O ministro e o presidente Jair Bolsonaro nunca fizeram questão de esconder o que pensam sobre a preservação da natureza, então não é surpresa que o orçamento para 2021 seja o menor do século. Desde 2009, o valor mínimo destinado à pasta do meio ambiente é de R$ 2,9 bilhões. A proposta atual é de apenas R$ 1,7 bilhão, conforme estudo do Observatório do Clima. Na questão de fiscalização e combate aos incêndios o comprometimento é evidente, a redução é de 27,4%, apesar de todos os desastres recentes.

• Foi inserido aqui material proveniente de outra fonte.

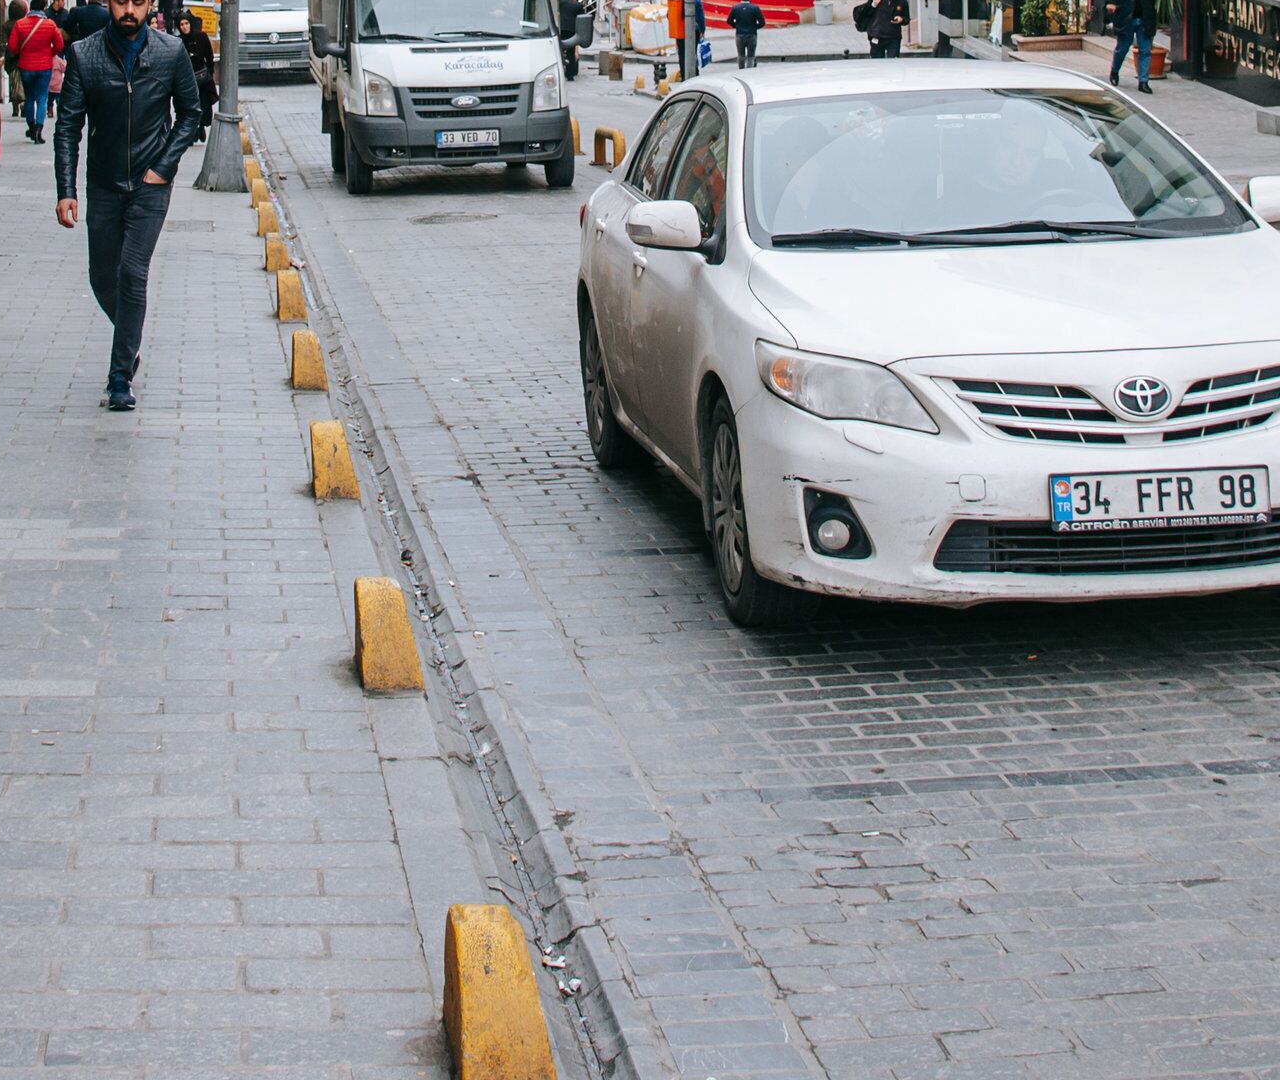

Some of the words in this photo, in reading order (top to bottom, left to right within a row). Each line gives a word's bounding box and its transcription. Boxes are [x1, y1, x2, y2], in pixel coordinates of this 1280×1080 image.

[1215, 29, 1255, 71] STYLE
[442, 130, 454, 144] 33
[461, 129, 479, 143] VED
[485, 129, 498, 142] 70
[1073, 480, 1111, 515] 34
[1136, 476, 1195, 513] FFR
[1219, 474, 1257, 510] 98
[1056, 501, 1071, 513] TR
[1071, 519, 1131, 531] CITROËN
[1131, 517, 1168, 529] SERVİSİ
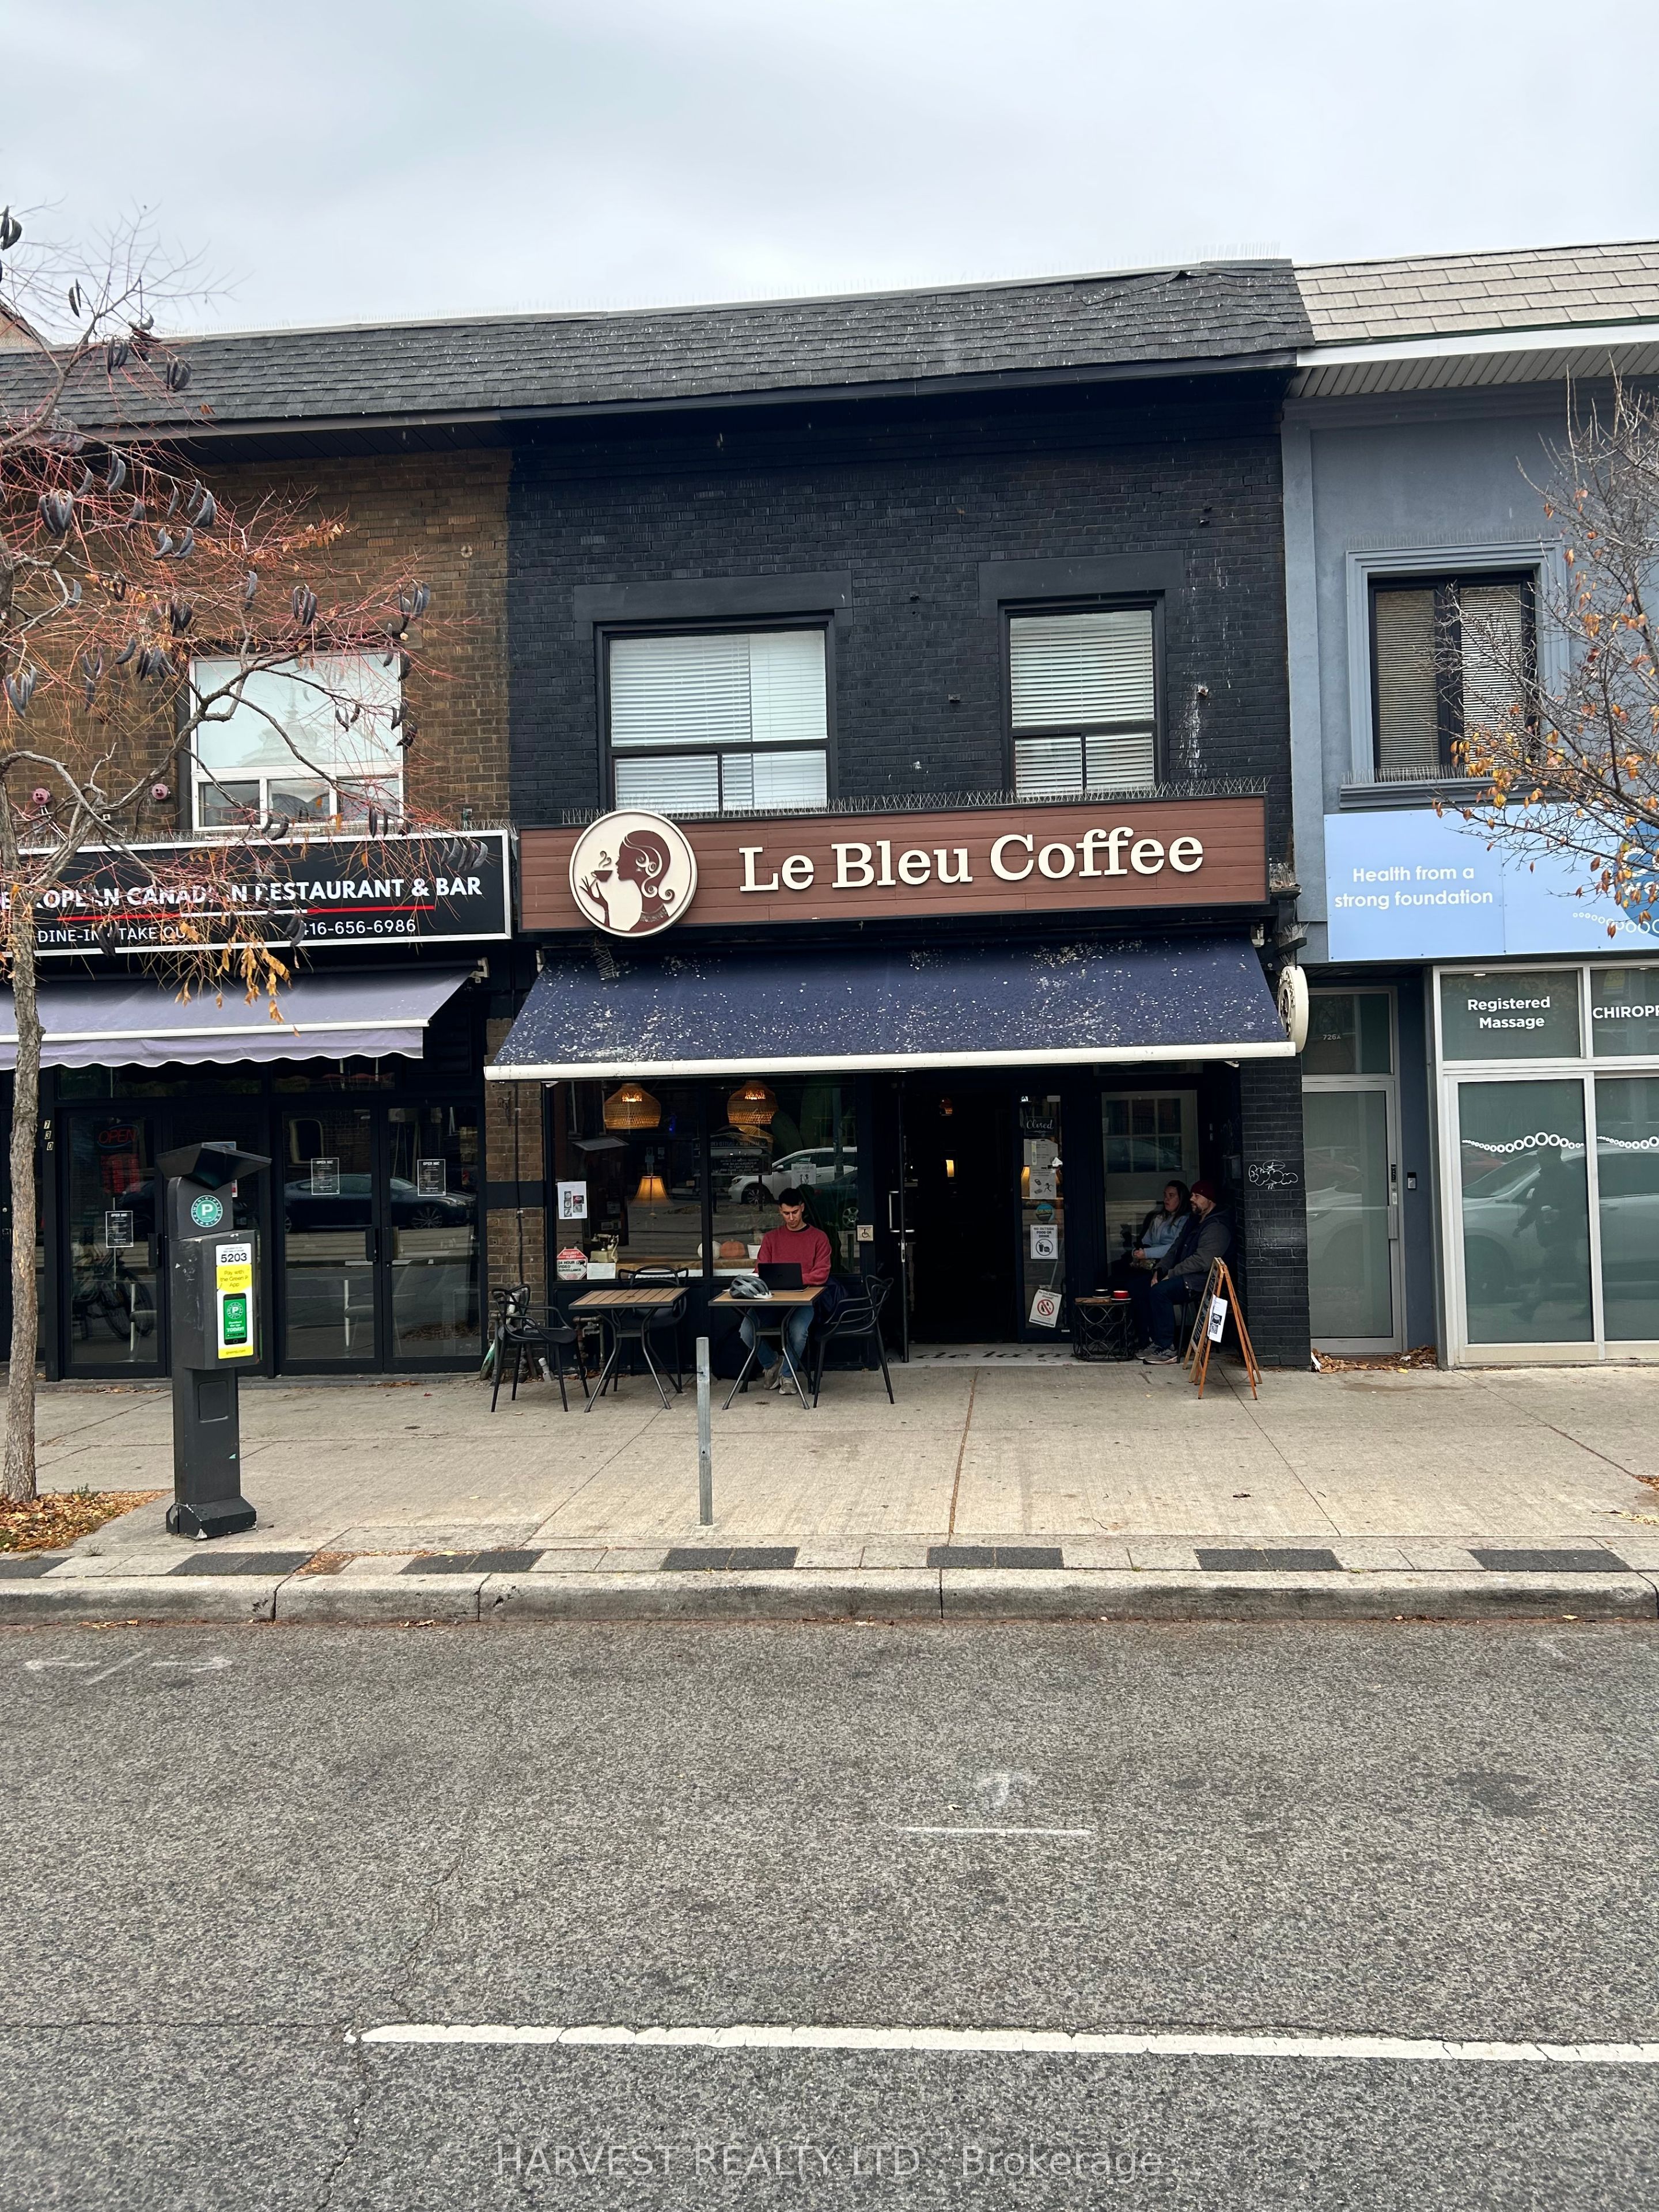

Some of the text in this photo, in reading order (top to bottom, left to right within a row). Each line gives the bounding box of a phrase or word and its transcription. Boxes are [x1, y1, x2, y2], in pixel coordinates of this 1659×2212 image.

[738, 826, 1204, 892] Le Bleu Coffee
[1353, 865, 1475, 882] Health from a
[255, 879, 404, 902] RESTAURANT
[411, 877, 431, 897] &
[436, 876, 483, 896] BAR
[1334, 889, 1493, 910] strong foundation
[118, 926, 158, 940] TAKE
[164, 926, 197, 939] OU
[1467, 996, 1551, 1012] Registered
[1479, 1017, 1546, 1030] Massage
[1027, 1119, 1054, 1130] Closed
[99, 1129, 137, 1144] OPEN
[201, 1203, 214, 1216] P
[221, 1252, 247, 1263] 5203

O estudo ainda aponta que houve uma queda de 61,5% do investimento em unidades de conservação, em relação a 2018. Integrante da ala ideológica do governo, Salles é um porta-voz contumaz dos interesses de ruralistas e mineradores. Na estratégia do governo está a redução das multas aplicadas pelo Ibama em 35%, em relação ao último ano do governo anterior, combinada com o aumento progressivo do desmatamento de 34%, em 2019, e de 9,5%, em 2020. A porta-voz de Políticas Pública do Greenpeace, Thais Bannwart, denuncia que “é o próprio governo quem produz a crise ambiental que vivenciamos”. A ambientalista ainda afirma que o governo nem mesmo utiliza por completo os recursos existentes, mesmo após os traumas de 2019 e 2020. Presidente da Comissão de Meio Ambiente da Câmara, o deputado Rodrigo Agostinho (PSB-SP) disse que se desenha uma situação muito ruim. “Precisamos ter a estrutura mínima de funcionamento, sob pena de assistirmos todas as tragédias do passado se repetirem”, avaliou.

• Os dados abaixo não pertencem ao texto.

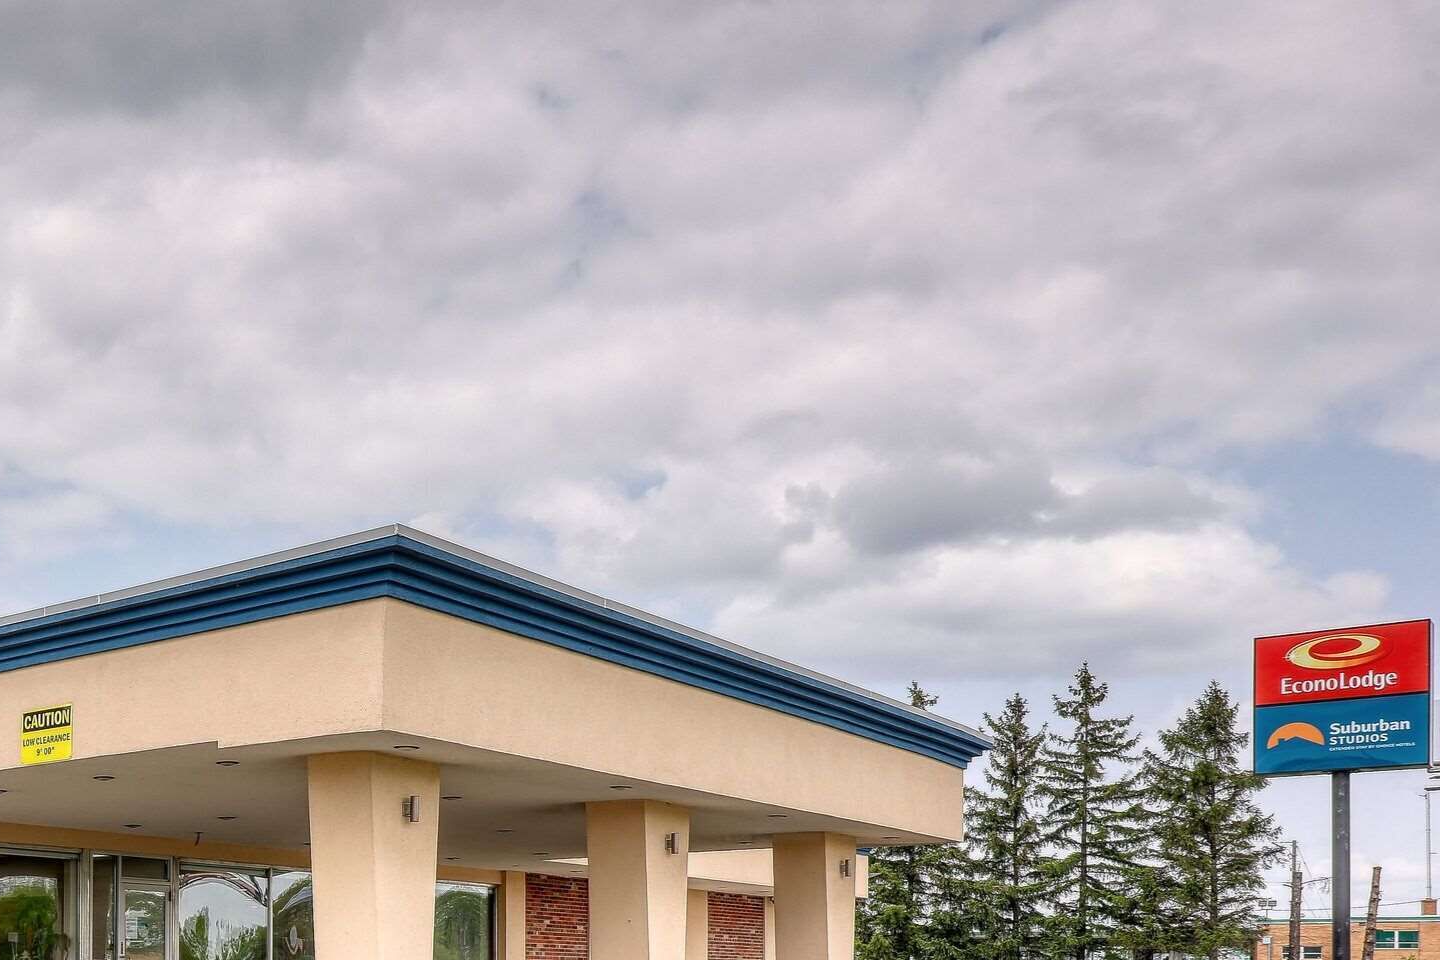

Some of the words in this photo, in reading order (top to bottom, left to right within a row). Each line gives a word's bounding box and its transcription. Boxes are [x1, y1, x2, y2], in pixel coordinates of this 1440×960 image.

[1280, 670, 1398, 695] EconoLodge
[24, 709, 70, 730] CAUTION
[1329, 718, 1411, 735] Suburban
[23, 738, 35, 747] LOW
[35, 733, 70, 745] CLEARANCE
[1329, 733, 1388, 745] STUDIOS

Mais do que uma contradição é um atentado ao Ibama a escolha da sua nova superintendente no Acre. A nomeada foi a advogada Helen de Freitas Cavalcante. Ela conhece muito bem a área e oferece nas redes sociais serviços para quem quer escapar das multas ambientais. Tudo conspira para proteger os infratores. Raul do Valle, diretor de Justiça Socioambiental do WWF-Brasil, afirma que o “desmatamento em 2020 foi 83% maior do que a média dos 10 anos anteriores ao governo Bolsonaro”. O debate sobre a regularização fundiária, por meio do PL 2633/20, justificadamente apelidada de PL da Grilagem, é um instrumento poderoso para o garimpo, desmatamento e uso indevido de terra indígena. Formaliza de maneira perigosa a propriedade de terras apossadas de forma ilegal. O PL tem apoio da bancada ruralista e o próprio presidente Bolsonaro já disse existir excesso de preservação nas reservas indígenas. É uma calamitosa proposta de Estado levada adiante por Salles.

Internacionalmente, o País de natureza invejável e signatário de importantes acordos ambientais viu sua imagem destroçada. Nas reuniões da Organização das Nações Unidas (ONU), o olhar aos políticos brasileiros remete a todo tipo de atrocidade. Alheio à realidade, Salles representa o Brasil, junto com o ministro das Relações Exteriores, Ernesto Araújo (que contestou a vitória do presidente americano Joe Biden), e passa o pires pedindo aporte financeiro para proteção ambiental. A promessa é de que o dinheiro estrangeiro seria utilizado para cumprir metas já acordadas. Mas como confiar na promessa de Salles? Felizmente há alguma reação. Com o Congresso estático, o Supremo Tribunal Federal (STF) interrompeu, quarta-feira, 10, o julgamento sobre o funcionamento do Conselho Nacional do Meio Ambiente (Conama), após o pedido de vistas do ministro Kassio Marques, recém-indicado por Bolsonaro. Rosa Weber, Edson Fachin, Alexandre de Moraes e Marco Aurélio já haviam votado unanimemente pela inconstitucionalidade do decreto que reduzia de 93 para 23 os assentos com direito a voto e diminuia a representatividade de ambientalistas de 11 para 4 entidades. Era mais uma loucura que Salles tentava emplacar na moita.